Project Idea
- Creating our own solution to automate routine tasks
The Solution
Our philosophy is based on not only building high-tech mobile apps but also continuously improving our talent and development methods. In our technical cases, we describe in detail the technologies we have built to streamline our in-house procedures, reduce the time-to-delivery and increase product quality.
One of these tools is SurfGen.
SurfGen: the essence, the journey, and the purpose
The essence of SurfGen
SurfGen is a tool that generates app code automatically. It is in charge of making queries to a server using a Swagger API (OpenAPI).
Due to routine job automation, it helps developers spend 3-4 times less time creating a service layer of an app.

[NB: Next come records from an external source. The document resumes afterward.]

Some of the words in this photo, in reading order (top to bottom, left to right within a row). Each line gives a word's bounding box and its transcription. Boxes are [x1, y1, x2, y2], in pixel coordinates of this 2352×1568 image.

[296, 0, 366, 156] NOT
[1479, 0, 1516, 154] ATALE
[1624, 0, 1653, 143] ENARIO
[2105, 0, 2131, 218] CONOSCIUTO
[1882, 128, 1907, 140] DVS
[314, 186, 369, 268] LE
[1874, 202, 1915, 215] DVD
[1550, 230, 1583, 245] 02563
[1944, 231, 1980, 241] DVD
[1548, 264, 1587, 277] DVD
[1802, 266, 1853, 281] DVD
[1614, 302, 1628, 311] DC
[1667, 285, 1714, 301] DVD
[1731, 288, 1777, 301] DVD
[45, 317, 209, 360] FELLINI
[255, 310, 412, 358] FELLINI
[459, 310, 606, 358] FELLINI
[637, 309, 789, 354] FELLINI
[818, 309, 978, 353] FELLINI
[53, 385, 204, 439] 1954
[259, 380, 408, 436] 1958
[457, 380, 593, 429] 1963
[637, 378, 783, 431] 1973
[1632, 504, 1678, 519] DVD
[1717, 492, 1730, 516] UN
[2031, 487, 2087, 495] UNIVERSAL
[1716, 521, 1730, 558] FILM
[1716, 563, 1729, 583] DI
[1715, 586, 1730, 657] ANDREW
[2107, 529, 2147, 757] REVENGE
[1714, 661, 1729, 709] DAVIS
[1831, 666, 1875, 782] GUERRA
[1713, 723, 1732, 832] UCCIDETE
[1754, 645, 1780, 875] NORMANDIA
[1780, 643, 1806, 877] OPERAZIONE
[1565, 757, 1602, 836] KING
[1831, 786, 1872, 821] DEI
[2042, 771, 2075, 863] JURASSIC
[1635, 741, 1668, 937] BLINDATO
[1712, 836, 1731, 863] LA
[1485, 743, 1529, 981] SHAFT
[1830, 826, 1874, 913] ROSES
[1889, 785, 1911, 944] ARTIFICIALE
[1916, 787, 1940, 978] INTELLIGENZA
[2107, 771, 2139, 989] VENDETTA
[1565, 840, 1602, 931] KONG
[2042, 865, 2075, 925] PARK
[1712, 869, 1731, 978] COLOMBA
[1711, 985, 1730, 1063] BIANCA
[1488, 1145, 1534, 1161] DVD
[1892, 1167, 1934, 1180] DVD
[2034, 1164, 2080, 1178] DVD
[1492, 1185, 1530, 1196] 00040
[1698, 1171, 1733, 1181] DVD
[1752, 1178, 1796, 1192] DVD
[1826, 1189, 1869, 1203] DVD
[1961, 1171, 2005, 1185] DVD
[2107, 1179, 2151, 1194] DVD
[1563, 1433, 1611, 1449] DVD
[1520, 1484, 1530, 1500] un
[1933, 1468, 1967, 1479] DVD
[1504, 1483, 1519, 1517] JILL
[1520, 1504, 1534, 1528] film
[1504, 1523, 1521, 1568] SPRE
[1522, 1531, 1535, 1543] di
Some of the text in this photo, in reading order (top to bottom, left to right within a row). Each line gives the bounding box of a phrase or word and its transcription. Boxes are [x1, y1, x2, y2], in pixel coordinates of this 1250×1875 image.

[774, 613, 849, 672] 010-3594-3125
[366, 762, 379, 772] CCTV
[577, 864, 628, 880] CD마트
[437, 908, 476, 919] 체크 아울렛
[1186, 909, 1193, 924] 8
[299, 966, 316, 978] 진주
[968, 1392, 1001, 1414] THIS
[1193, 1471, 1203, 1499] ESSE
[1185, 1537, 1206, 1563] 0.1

API (Application Programming Interface) is a combination of tools and functions in the form of an interface designed to create new apps. Thanks to that, programs can interact with one another.
Swagger (OpenAPI) is a tooling ecosystem. In the form of an API, it provides a way for front-end systems, library code, and proprietary solutions to interact.
The purpose of SurfGen
SurfGen was intended to help us save time writing code for model server queries and responses. Even though it is a simple process, it’s tedious and time-consuming due to the large amount of code involved. Developers wasted time rewriting models and queries in different formats. Consequently, we chose to automate the process, creating our own generator. The primary goal was to relieve our developers of mundane work, allowing them to focus on other tasks.
The journey to SurfGen
SurfGen first started as an inside project of our iOS team. The new tool proved effective, and we assumed it was logical to scale it up to code generation for other platforms. To make that possible, we had to transfer all platform-specific logic out of the generated code and into templates and create templates for Android and Flutter.
The original version of SurfGen was only able to generate code for iOS apps. Right now, however, SurfGen has become so much more flexible and can be used for both Android and Flutter.
In real-world Android development, SurfGen has already proven effective; we’ve had a chance to apply it in a quick food delivery project and, as a result, sped up its development. Further down the road, we are planning to employ the generator in all of our projects and make it more usable for developers.
SurfGen under the hood
SurfGen reads the API definition it is passed and tries to build a model according to the structure of each request (passed parameters, expected response, etc.).
To create the finished code, it uses templates—specific files containing the frame for the future code. This frame is then filled with data we receive from API specifications and turned into application code, complete and ready to use. Templates can all be different depending on where you want to put data. This exact quality ensures the flexibility of the approach: whenever we generate code for specific platforms, the only thing changing is a template.
Another task we address with SurfGen is checking the OpenAPI file. Because the OpenAPI standard isn’t really strict, API files would often become lengthy and messy, maing it difficul to track changes effectively. We approached this situation from two different angles: first off, we put together an in-house standard for Open API files. As a result, each project has the same format, making it easier for developers and analysts to work with. Secondly, SurfGen checks the OpenAPI files for accuracy. And only after they are checked can the files be used to generate application code.
The Result
SurfGen has successfully met the biggest challenge: sparing developers their routine tasks. For example, writing the network layer for a single screen (queries and models) used to take 3-4 hours. With this generator, all we have to do is execute a single command and then check whether the program ran accurately. This normally takes less than an hour — an average of 15 minutes plus some manual tweaks makes up about an hour.
When it comes to time-to-deliver reductions in general, the exact amount depends on how much a particular app interacts with the server.
Code generation can be an advantage for the service layer of any app, no matter how big or small. A single command can make flexible changes to the existing project. As a result, rather than doing routine tasks that involve manual service layer updates, SurfGen does only one task of regenerating the existing files and performing a final check at each of the stages.
That way, we addressed the main challenge of routine tasks. With SurfGen, developers waste much less time on tasks revolving around APIs, thus allowing them to focus on much more complex strategic tasks. At the moment, we are expanding SurfGen, adding support for rare and less evident API elements.